Hi All,
I have pdf file which is having multiple pages of details, now I would like to search and find the details in pdf file. How can I achieve this.
Thanks in advance
Niranjna
Hi All,
I have pdf file which is having multiple pages of details, now I would like to search and find the details in pdf file. How can I achieve this.
Thanks in advance
Niranjna
Hi @Niranjan_k ,
The question is a broad and we could direct to many suggestions, for specific suggestions related to your cases, we would request you to provide more details on your requirements.
Generally, For Digitial PDF Documents, a first check would be with the below methods :
For Scanned / Mixture set of documents :
@supermanPunch I’m new to UiPath, not sure how to use above functionality. Great if you could provide any examples of above functionality. Thanks.
Thanks,Niranjan
Use the “Read PDF Text” activity in UiPath to extract the text content from the PDF file.
You can specify whether you want to extract text from all pages or from a specific range of pages.
Use string manipulation or regular expressions to search for specific details within the extracted text.

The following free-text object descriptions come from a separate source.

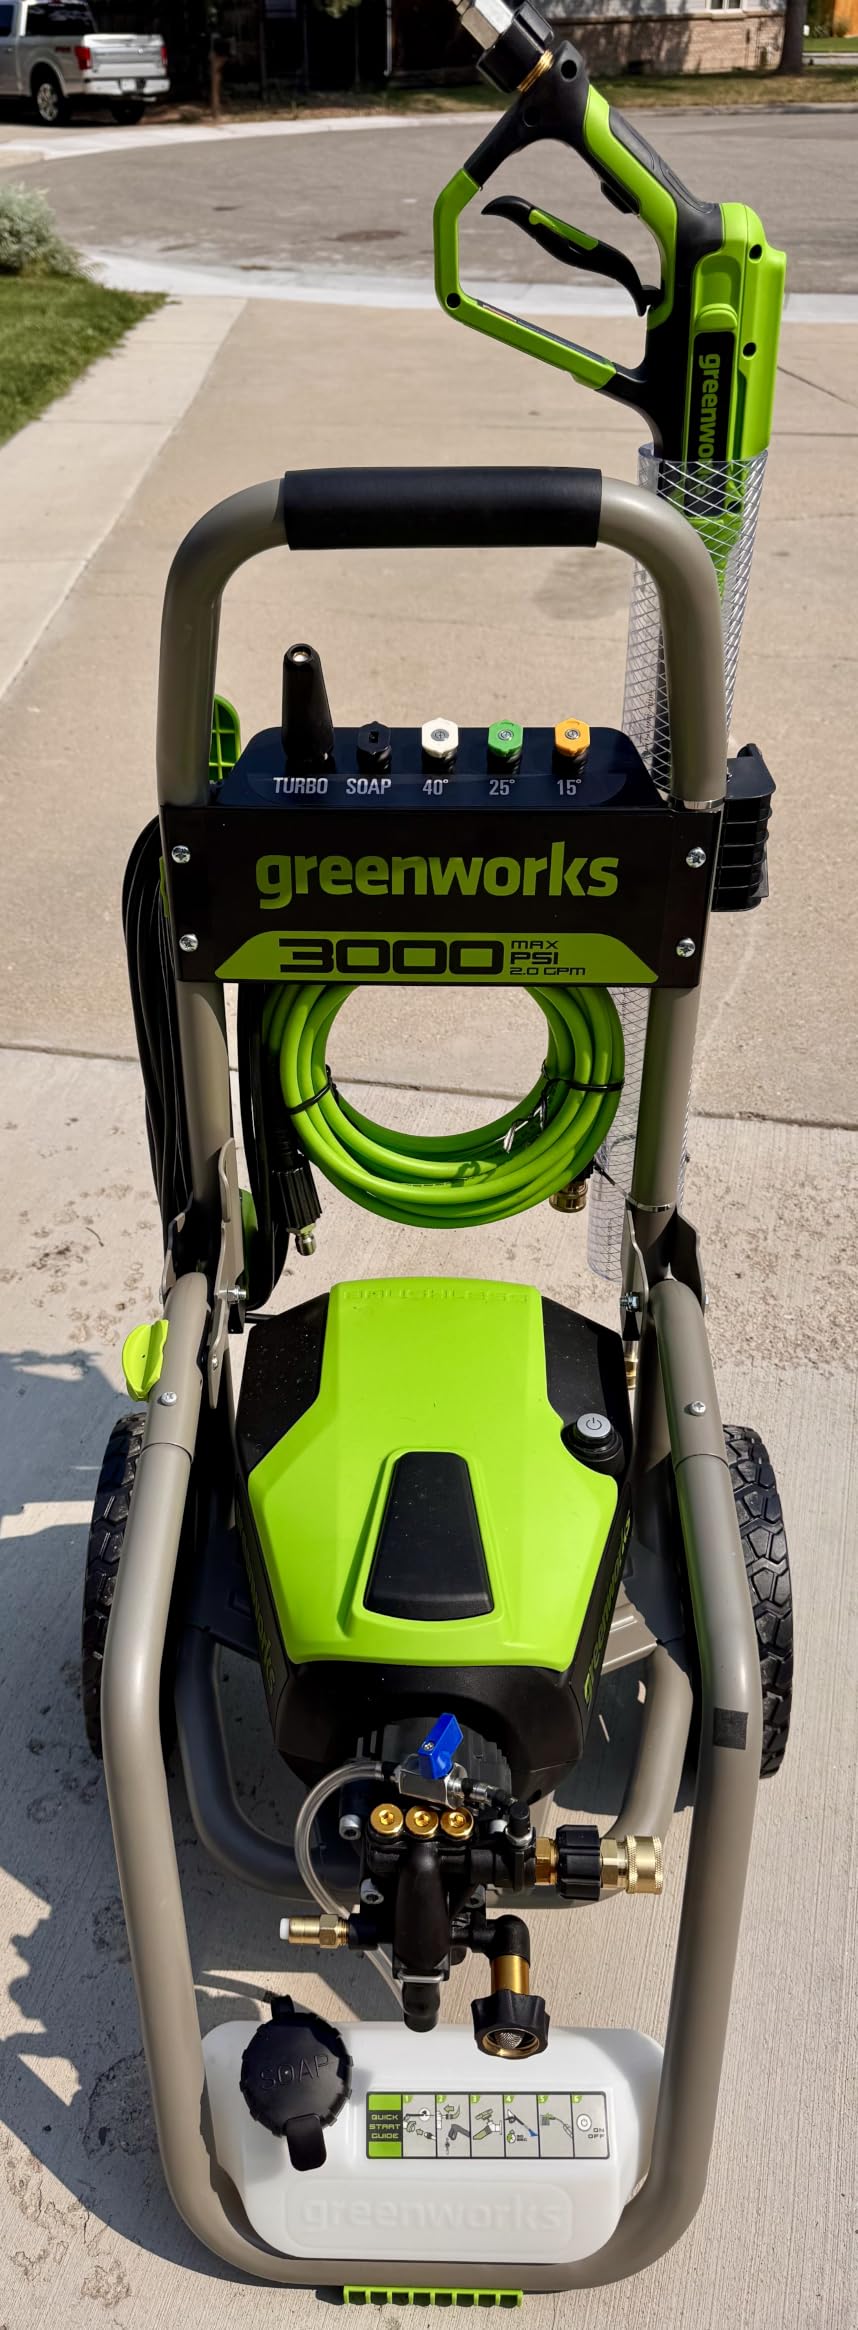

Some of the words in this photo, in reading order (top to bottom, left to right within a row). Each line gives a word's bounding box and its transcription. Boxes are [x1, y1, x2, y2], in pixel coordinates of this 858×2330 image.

[273, 777, 329, 794] TURBO
[345, 778, 392, 795] SOAP
[422, 778, 449, 796] 40°
[489, 778, 515, 796] 25°
[557, 778, 582, 796] 15°
[255, 841, 619, 910] greenworks
[278, 938, 504, 975] 3000
[511, 940, 559, 949] MAX
[511, 952, 559, 965] PSI
[510, 967, 539, 975] 2.0
[543, 967, 586, 976] GPM
[260, 2053, 329, 2092] SOAP
[303, 2194, 561, 2233] greenworks

You can search for keywords, patterns, or specific data elements within the text variable.
After searching for details, you can process the results in various ways. For example, you can store the results in variables, create a data table, or perform specific actions based on the extracted details.
Workflow:
PDF Read PDF Text=“path”
PDFPageRange
Assign Name=“pdfText” Value=“extractedTextVariable”
For Each x=“line” In="pdfText.Split(Environment.NewLine)

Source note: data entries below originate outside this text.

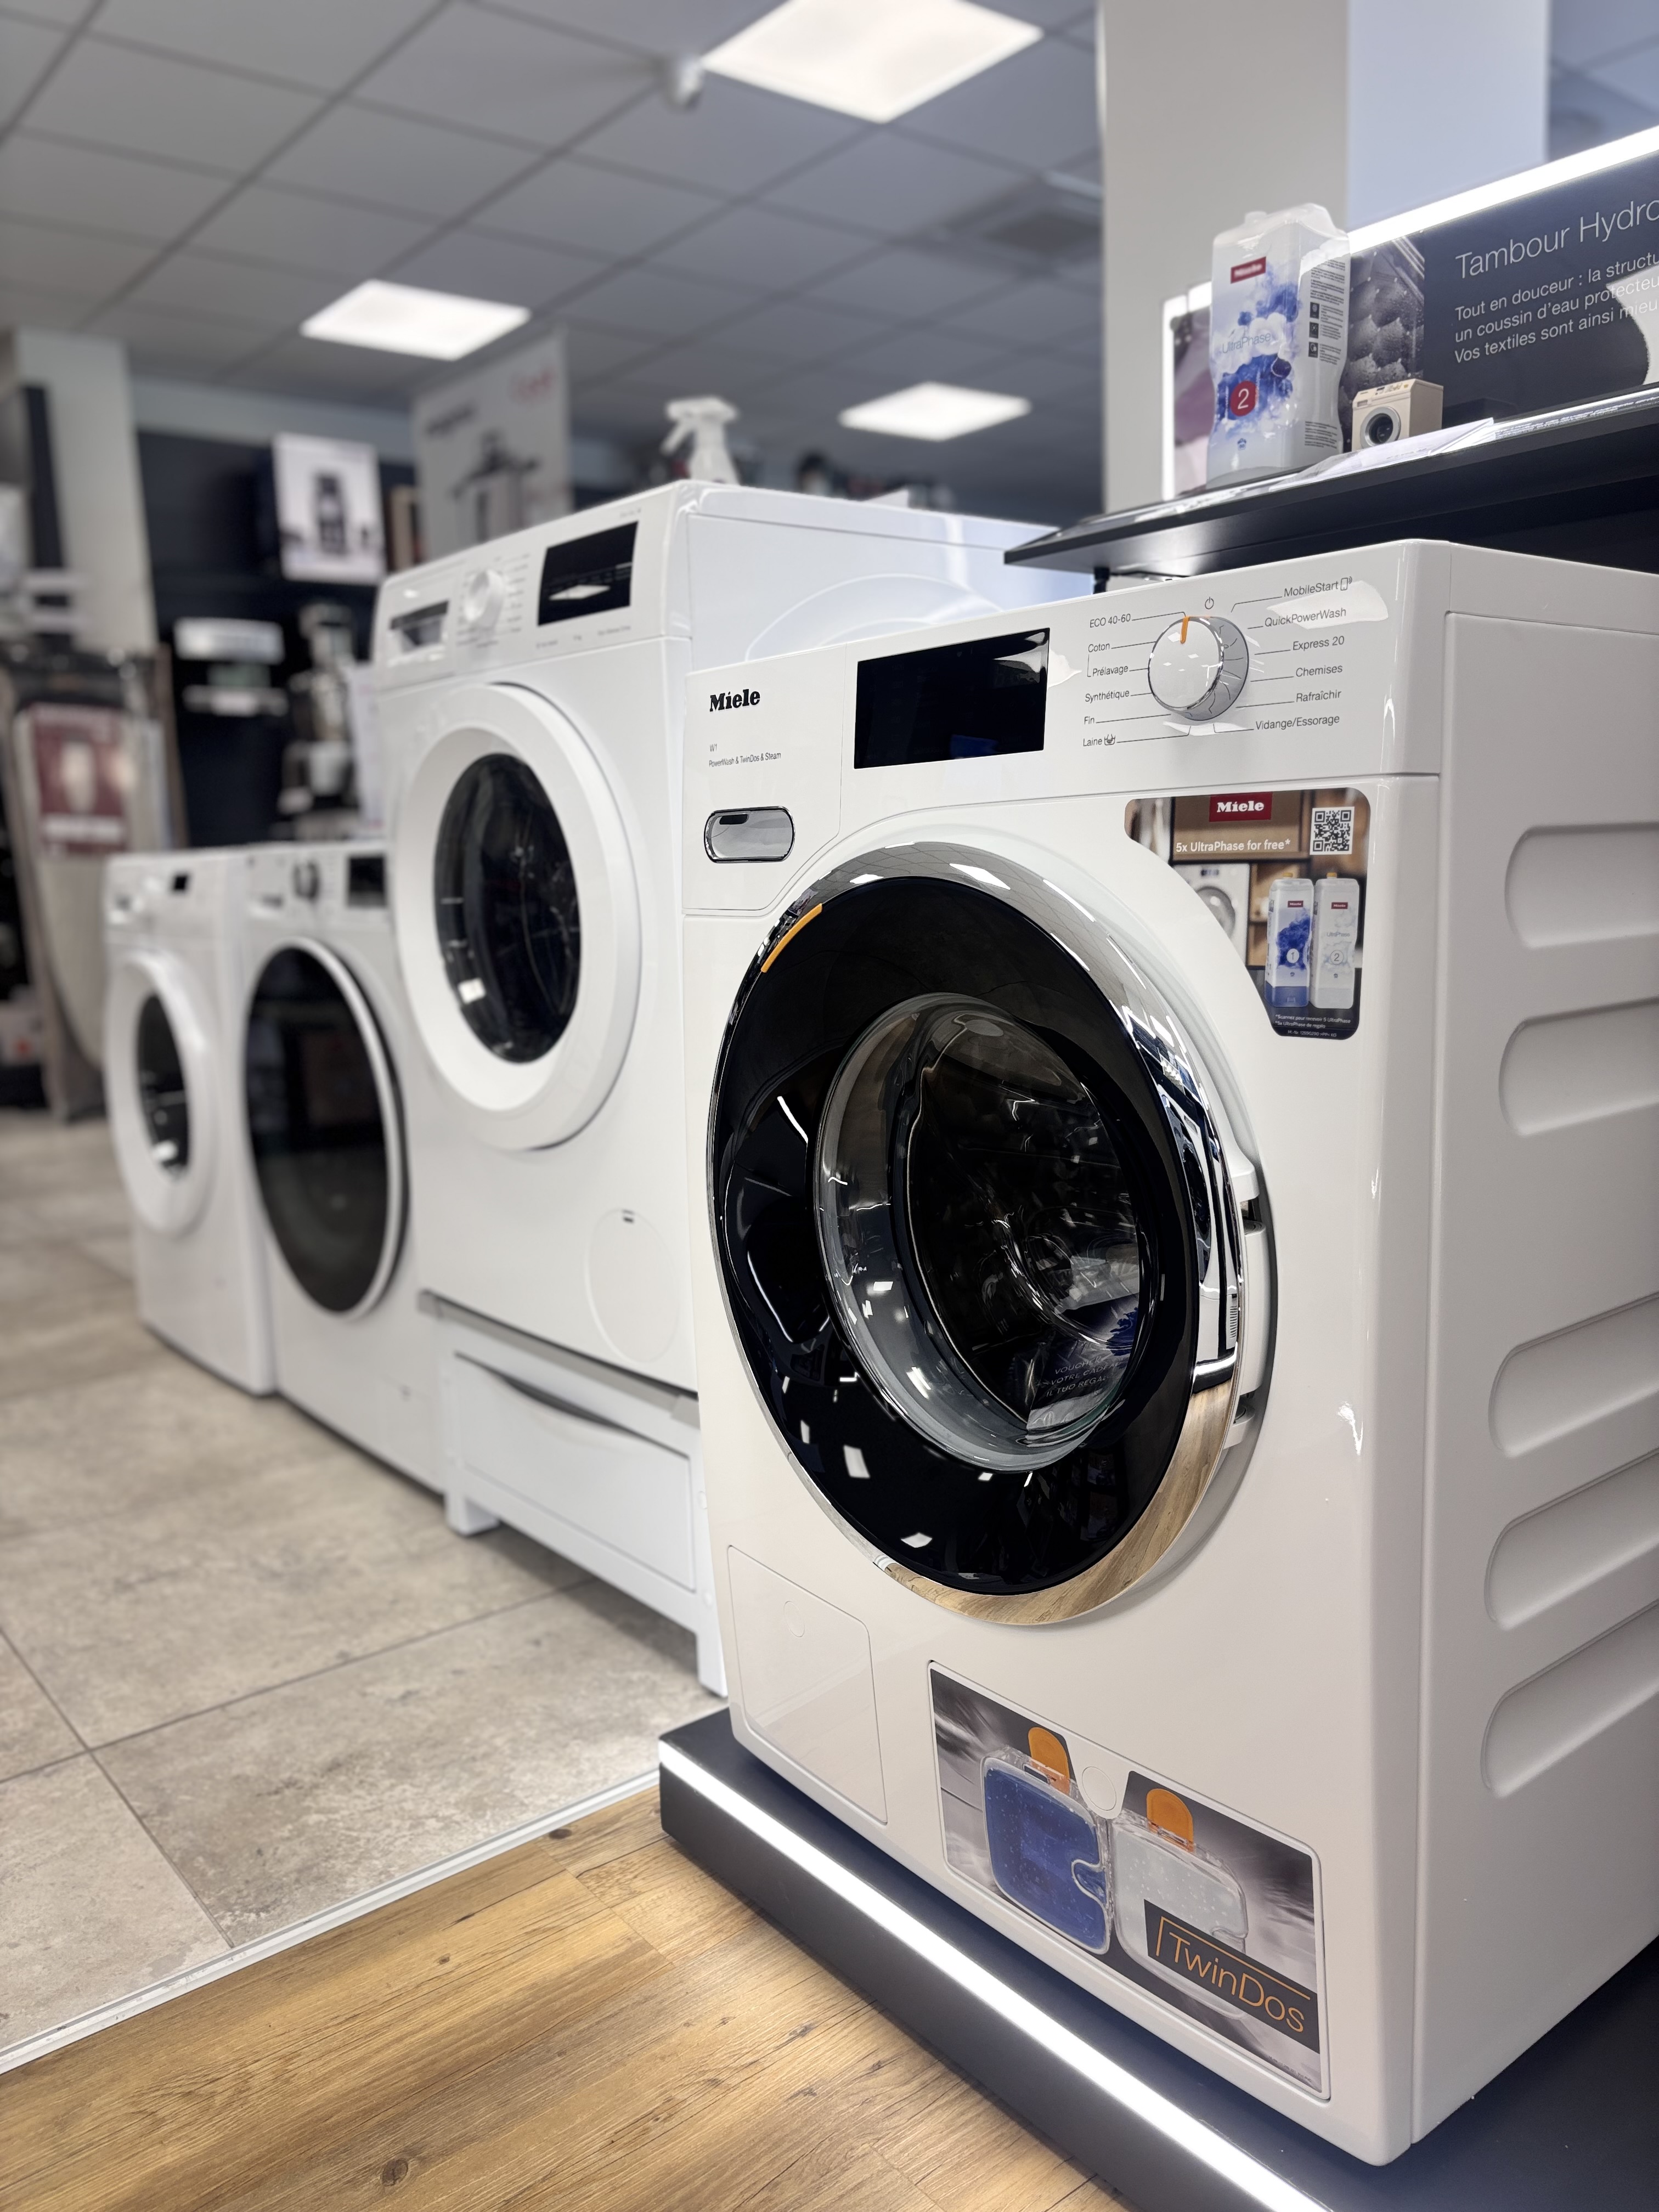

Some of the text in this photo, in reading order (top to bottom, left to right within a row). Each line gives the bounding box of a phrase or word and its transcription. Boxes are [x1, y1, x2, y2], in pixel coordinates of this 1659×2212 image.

[1455, 201, 1659, 279] Tambour Hydro
[1455, 301, 1485, 321] Tout
[1490, 297, 1506, 311] en
[1512, 277, 1574, 304] douceur
[1579, 275, 1582, 286] :
[1588, 268, 1601, 283] la
[1455, 329, 1472, 342] un
[1477, 311, 1532, 336] coussin
[1454, 347, 1480, 363] Vos
[1485, 331, 1536, 355] textiles
[1541, 319, 1573, 340] sont
[1578, 307, 1613, 330] ainsi
[1222, 333, 1271, 354] UltraPhase
[1238, 388, 1249, 409] 2
[1284, 580, 1339, 597] MobileStart
[1090, 613, 1131, 628] ECO 40-60
[1265, 607, 1346, 627] QuickPowerWash
[1088, 643, 1110, 653] Coton
[1293, 635, 1345, 651] Express 20
[1092, 665, 1128, 676] Prélavage
[1296, 664, 1343, 677] Chemises
[709, 689, 760, 712] Miele
[1085, 690, 1130, 704] Synthétique
[1296, 689, 1342, 703] Rafraîchir
[1084, 715, 1094, 725] Fin
[1255, 715, 1340, 730] Vidange/Essorage
[1083, 737, 1102, 747] Laine
[709, 758, 734, 768] PowerWash
[740, 754, 759, 763] TwinDos
[760, 753, 764, 761] &
[765, 752, 781, 760] Steam
[1216, 800, 1264, 812] Miele
[1176, 842, 1188, 853] 5x
[1190, 840, 1244, 852] UltraPhase
[1247, 839, 1262, 850] for
[1334, 953, 1340, 962] 2
[1052, 1372, 1081, 1385] VOTRE
[1046, 1389, 1053, 1397] IL
[1057, 1384, 1075, 1394] TUO
[1169, 1932, 1305, 2033] TwinDos

If Condition="line.Contains("Invoice Number")
Extract and process the invoice number from the line
Assign Name=“invoiceNumber” Value=“line”
Do something with the extracted invoice number
@Dilli_Reddy @supermanPunch if you have Any recorded video in YouTube. Please help me so that I can follow the steps. Thanks in advance
We could provide you with more suggestions on a broad case, but do you want to solve it for Knowledge/Learning purpose or do you have a deadline set for your requirement, If there is then as already mentioned we would need more specific details on the requirements so we could direct you to specific suggestions/solutions.
@supermanPunchThe requirement is team has some keywords based on it I have to get the data from PDF file, for some keywords I have to take the table detail from the PDF file. The data will change on pdf file daily basis.
@Dilli_Reddy thanks for the video here I don’t see keyword search. Help me how can I get the data from PDF file based on keyword search. Sometime I need to export table details from PDF file if keyword matching. Data on pdf file will change daily basis.
Use the “Read PDF Text” activity in UiPath to extract the text content from the PDF file. Make sure to specify the PDF file’s path.
Use string manipulation or regular expressions to search for specific keywords within the extracted text. You can use the String.Contains()
method
Based on the presence of the keyword, you can conditionally extract data.
For extracting table details, you might consider using UiPath’s “Data Scraping” activity or a custom solution based on string manipulation and regular expressions.
Store the extracted data in a DataTable or another data structure for further processing.
Hi @Niranjan_k once you are done with extraction, use regex if don’t know how to extract the value using regex please share the same output, so we can help you to extract the value.
We have many ways to extract the value from the string.
@Dilli_Reddy @copy_writes @supermanPunch i have tried to extract data from PDF, it’s not going to the exact page where data is in PDF file. How to read dynamically where match found.